- [Your goal]: Keep the wording of every entry exactly as it is while leaving the pictures out of your copy.

Spatial localization data
--- START ---
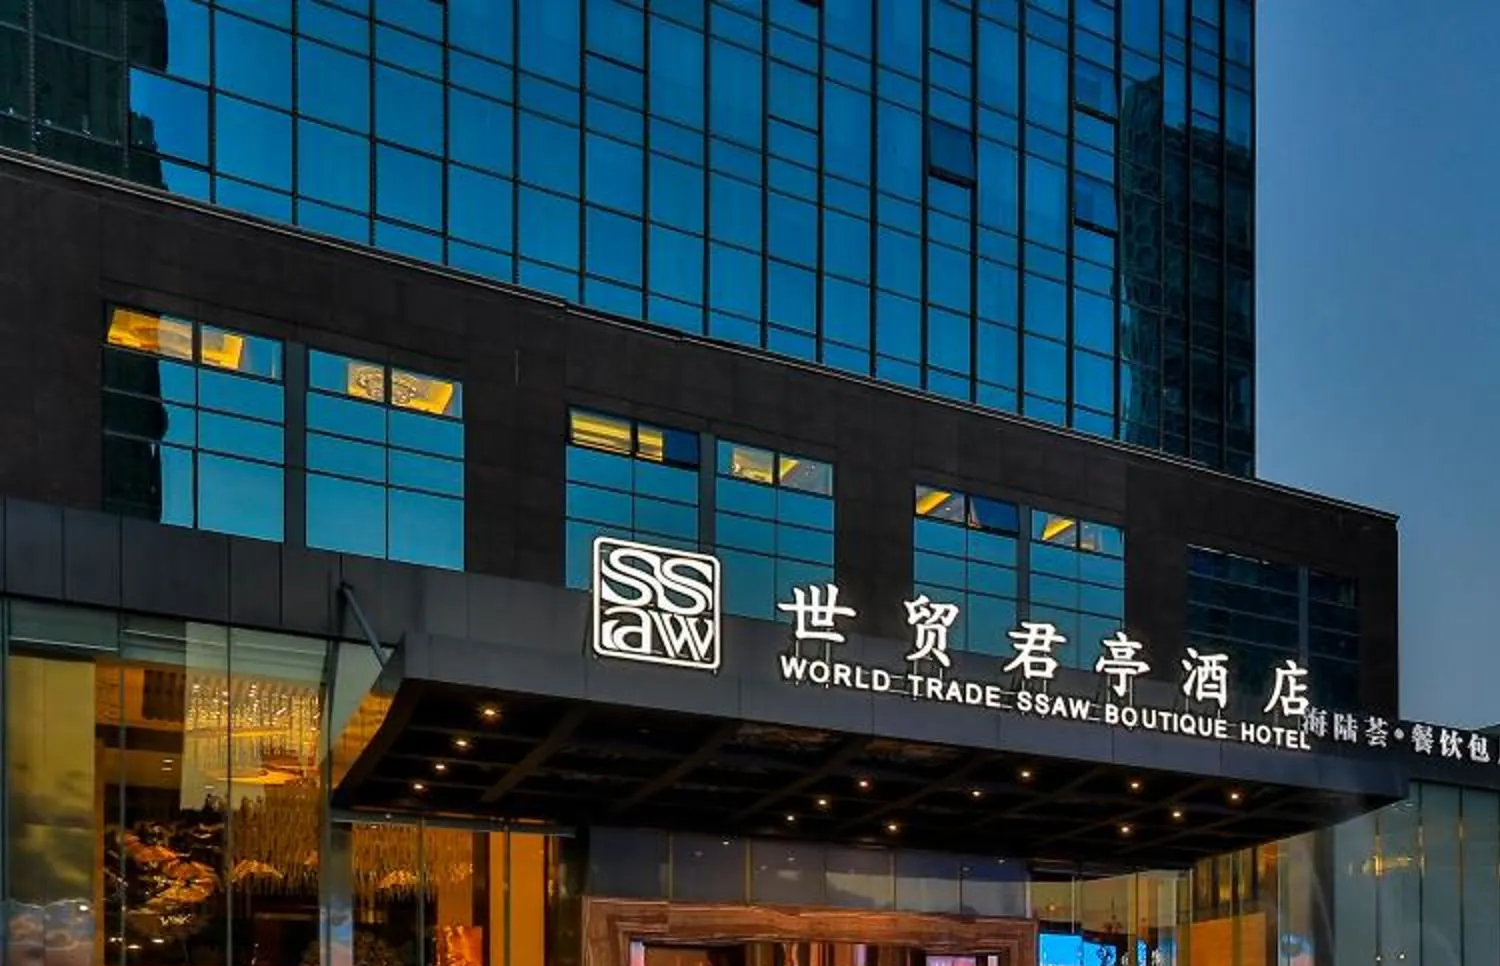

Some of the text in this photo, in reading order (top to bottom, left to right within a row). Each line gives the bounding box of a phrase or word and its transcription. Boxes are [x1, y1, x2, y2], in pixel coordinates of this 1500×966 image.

[777, 583, 1310, 718] 世贸君亭酒店
[780, 654, 1312, 751] WORLD TRADE SSAW BOUTIQUE HOTEL
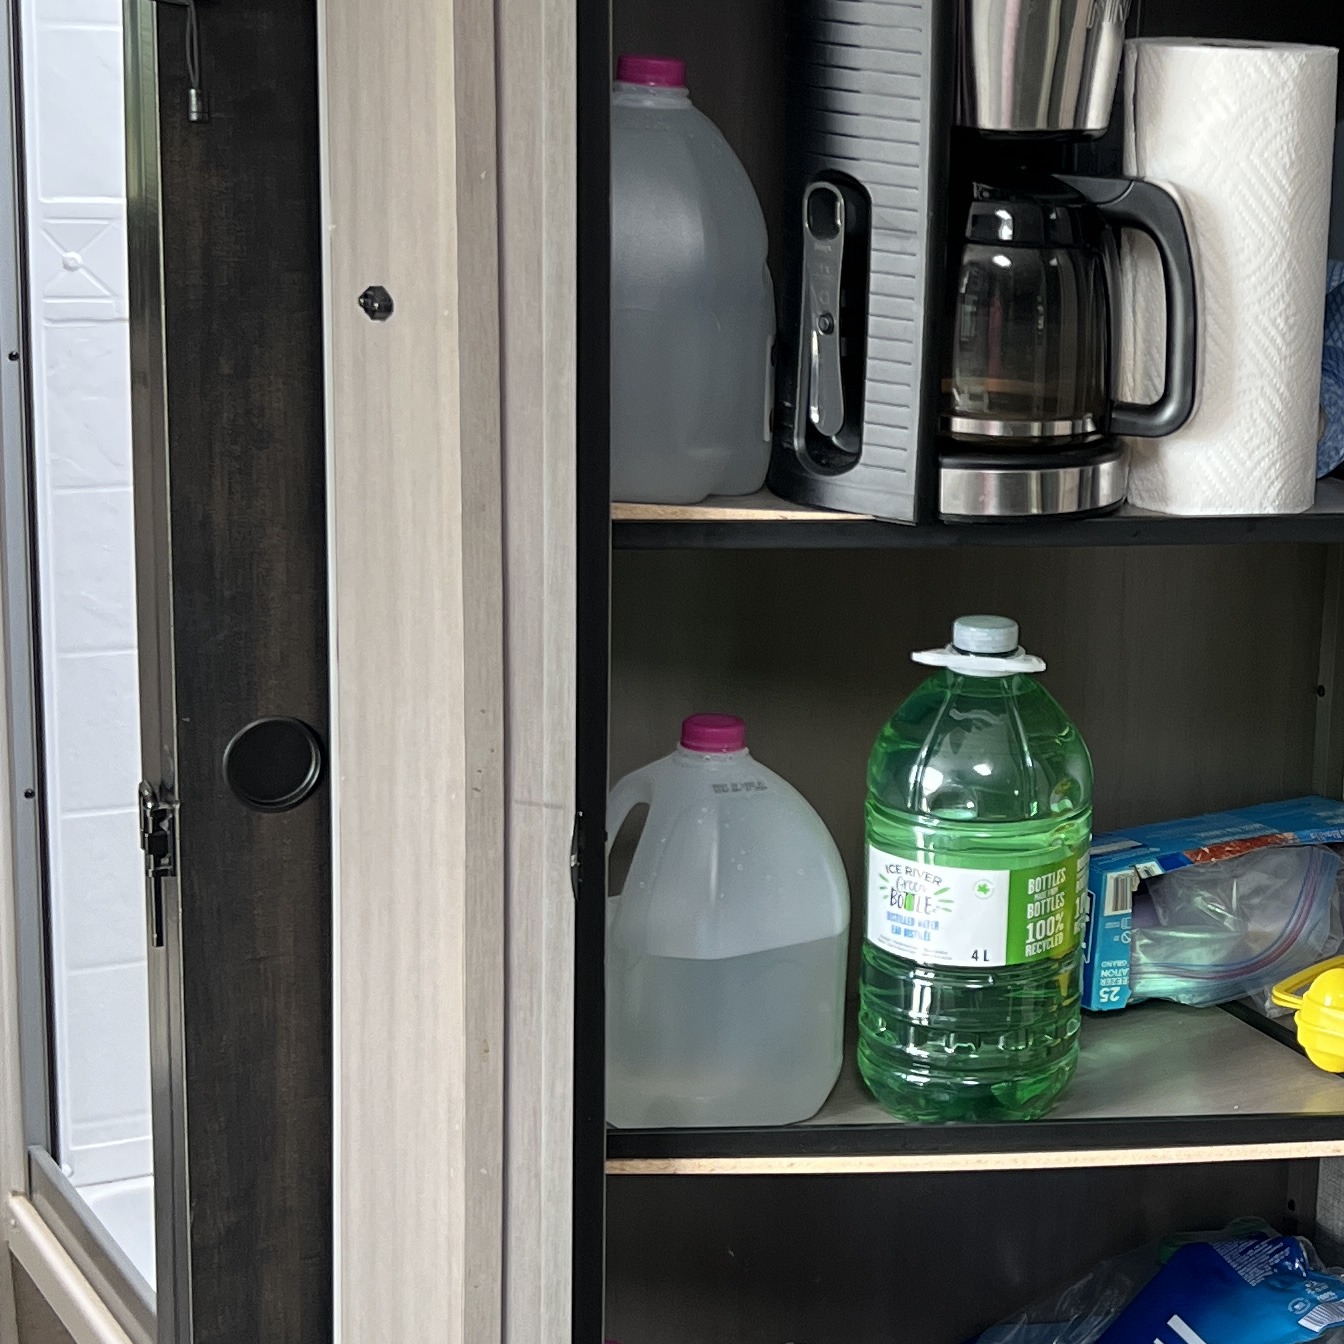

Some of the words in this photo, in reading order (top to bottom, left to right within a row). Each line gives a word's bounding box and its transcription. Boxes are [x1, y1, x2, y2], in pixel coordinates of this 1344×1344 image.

[885, 864, 902, 874] ICE
[905, 865, 943, 887] RIVER
[1028, 867, 1067, 895] BOTTLES
[1027, 892, 1065, 920] BOTTLES
[1026, 911, 1064, 944] 100%
[971, 950, 979, 962] 4
[983, 950, 990, 962] L
[1025, 932, 1064, 957] RECYCLED
[1100, 968, 1129, 977] ATION
[1100, 976, 1129, 987] EEZER
[1099, 986, 1121, 1003] 25
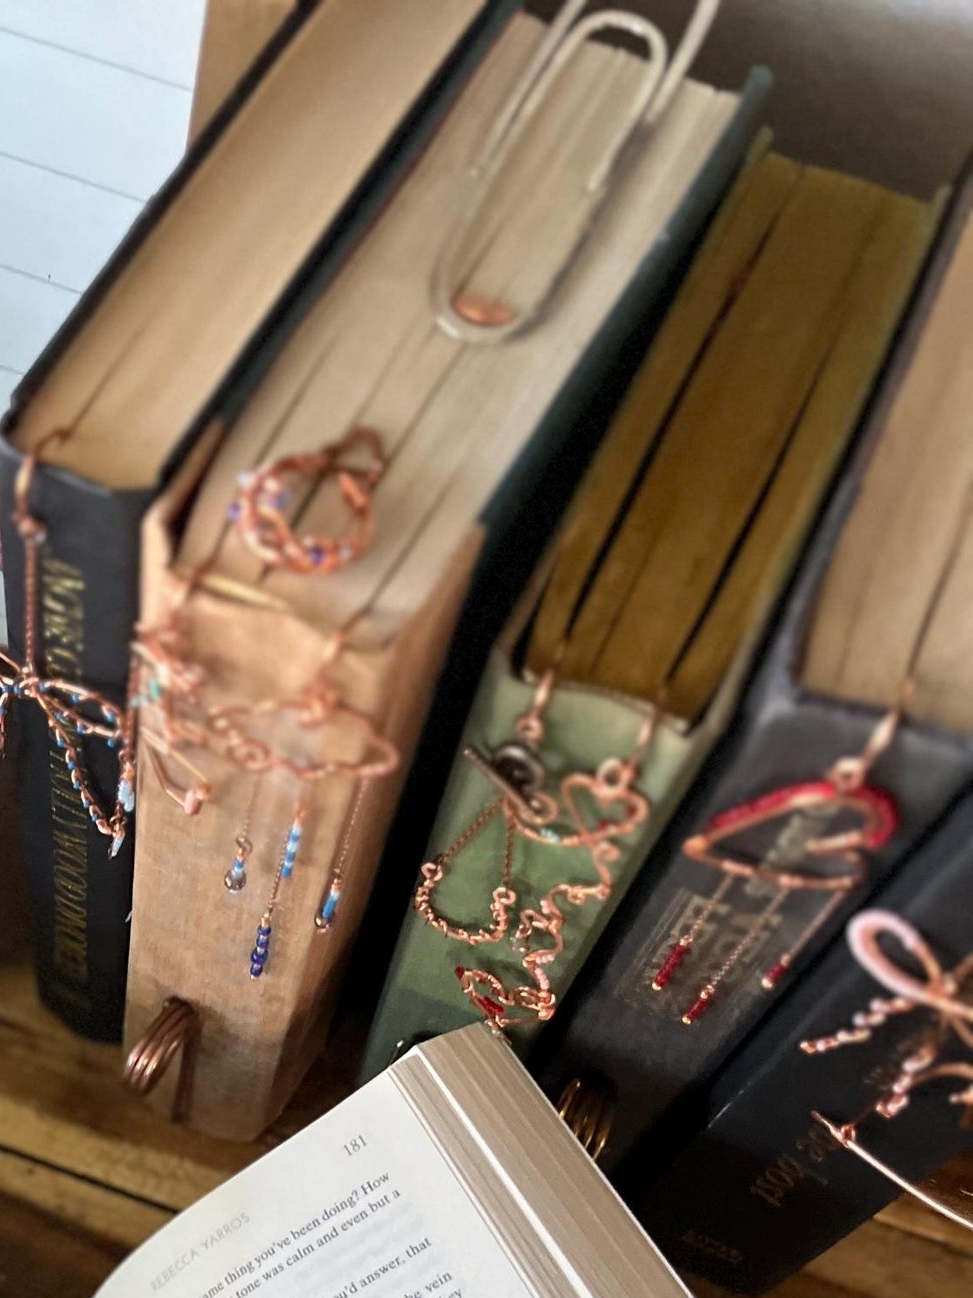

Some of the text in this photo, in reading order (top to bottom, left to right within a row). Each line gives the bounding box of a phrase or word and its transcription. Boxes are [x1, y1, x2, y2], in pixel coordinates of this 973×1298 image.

[342, 1133, 367, 1156] 181
[148, 1210, 251, 1291] REBECCA YARROS
[224, 1260, 256, 1286] thing
[253, 1236, 292, 1268] you've
[289, 1217, 322, 1241] been
[321, 1189, 360, 1222] doing?
[360, 1171, 390, 1196] How
[359, 1255, 407, 1288] answer,
[405, 1237, 432, 1259] that
[424, 1271, 454, 1293] vein
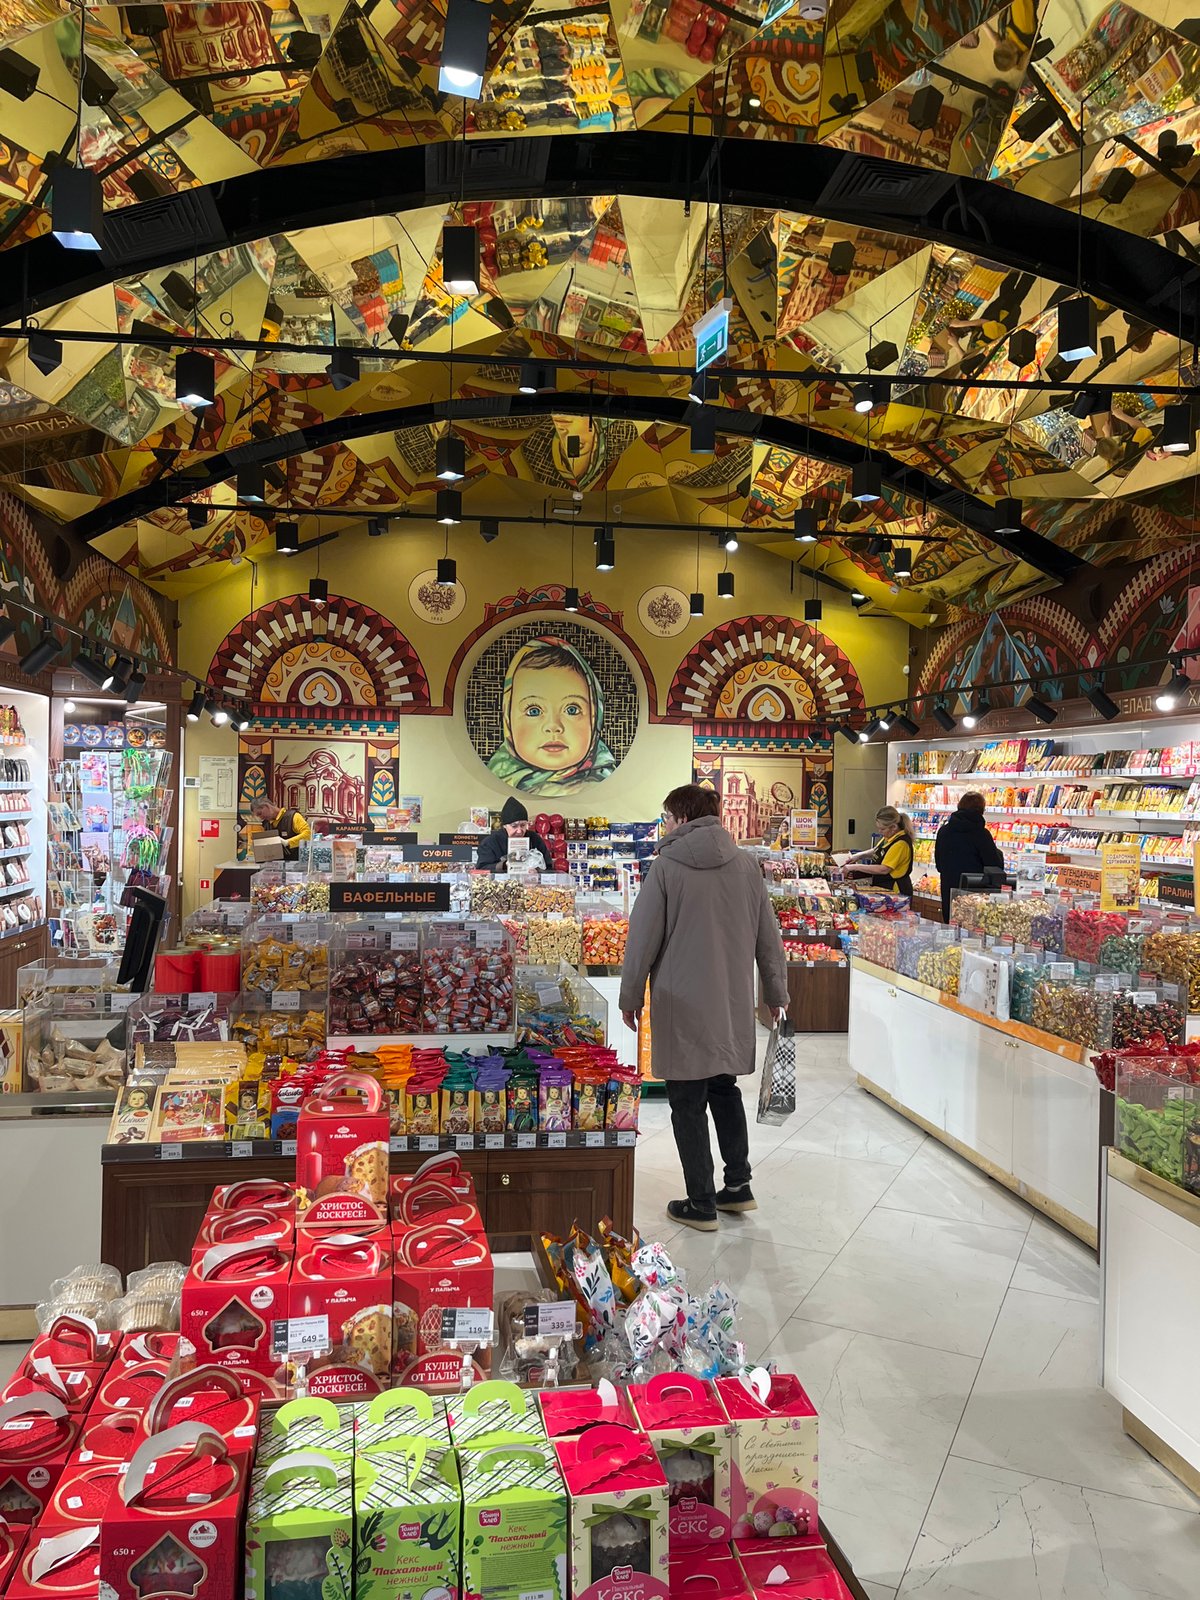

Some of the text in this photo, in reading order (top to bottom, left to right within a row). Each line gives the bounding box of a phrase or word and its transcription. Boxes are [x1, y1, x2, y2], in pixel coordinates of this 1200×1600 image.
--- END ---
- [Solution to this problem]:
Some of the text in this photo, in reading order (top to bottom, left to right within a row). Each line gives the bounding box of a phrase or word and its transcription. Boxes are [x1, y1, x2, y2], in pixel coordinates of this 1500×966 image.

[777, 583, 1310, 718] 世贸君亭酒店
[780, 654, 1312, 751] WORLD TRADE SSAW BOUTIQUE HOTEL

Some of the words in this photo, in reading order (top to bottom, left to right within a row). Each line gives a word's bounding box and its transcription. Boxes are [x1, y1, x2, y2], in pixel coordinates of this 1344×1344 image.

[885, 864, 902, 874] ICE
[905, 865, 943, 887] RIVER
[1028, 867, 1067, 895] BOTTLES
[1027, 892, 1065, 920] BOTTLES
[1026, 911, 1064, 944] 100%
[971, 950, 979, 962] 4
[983, 950, 990, 962] L
[1025, 932, 1064, 957] RECYCLED
[1100, 968, 1129, 977] ATION
[1100, 976, 1129, 987] EEZER
[1099, 986, 1121, 1003] 25

Some of the text in this photo, in reading order (top to bottom, left to right within a row). Each line gives the bounding box of a phrase or word and its transcription. Boxes are [x1, y1, x2, y2], in pixel coordinates of this 973×1298 image.

[342, 1133, 367, 1156] 181
[148, 1210, 251, 1291] REBECCA YARROS
[224, 1260, 256, 1286] thing
[253, 1236, 292, 1268] you've
[289, 1217, 322, 1241] been
[321, 1189, 360, 1222] doing?
[360, 1171, 390, 1196] How
[359, 1255, 407, 1288] answer,
[405, 1237, 432, 1259] that
[424, 1271, 454, 1293] vein

Some of the text in this photo, in reading order (top to bottom, left to right within a row). Each line gives the bounding box of a phrase or word and its transcription. Boxes are [x1, y1, x2, y2], in pixel coordinates of this 1200×1600 image.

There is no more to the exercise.